(Work item) What the response needs is every record, repeated verbatim, and no images.

(Records for the exercise)
-*-*-

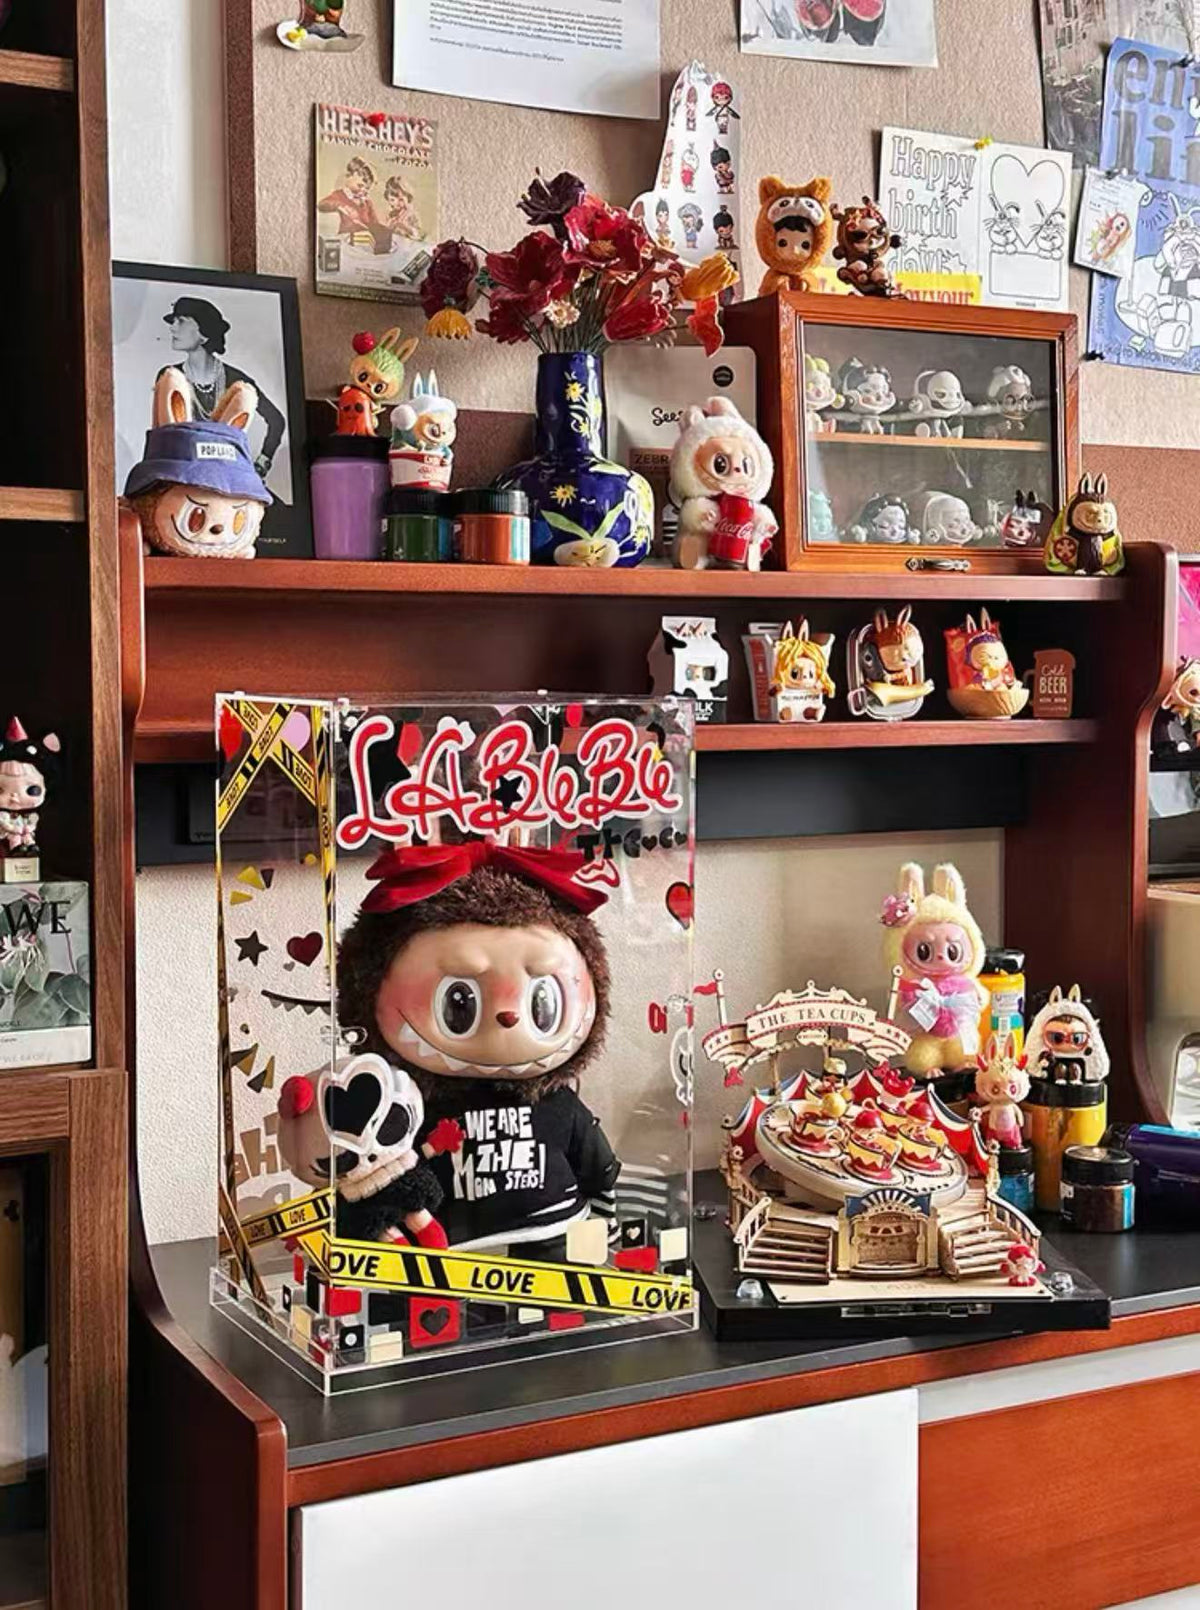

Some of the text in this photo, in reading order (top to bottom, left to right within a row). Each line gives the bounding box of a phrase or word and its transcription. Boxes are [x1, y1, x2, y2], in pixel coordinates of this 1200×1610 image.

[890, 135, 977, 191] Happy
[888, 188, 959, 239] birth
[634, 453, 670, 465] ZEBR
[1040, 676, 1067, 694] BEER
[694, 701, 713, 713] ILK
[760, 1008, 866, 1029] THE TEA CUPS
[465, 1106, 534, 1142] WE ARE
[476, 1139, 536, 1172] THE
[471, 1267, 536, 1295] LOVE

-*-*-

(Solution)
Some of the text in this photo, in reading order (top to bottom, left to right within a row). Each line gives the bounding box of a phrase or word and its transcription. Boxes are [x1, y1, x2, y2], in pixel coordinates of this 1200×1610 image.

[890, 135, 977, 191] Happy
[888, 188, 959, 239] birth
[634, 453, 670, 465] ZEBR
[1040, 676, 1067, 694] BEER
[694, 701, 713, 713] ILK
[760, 1008, 866, 1029] THE TEA CUPS
[465, 1106, 534, 1142] WE ARE
[476, 1139, 536, 1172] THE
[471, 1267, 536, 1295] LOVE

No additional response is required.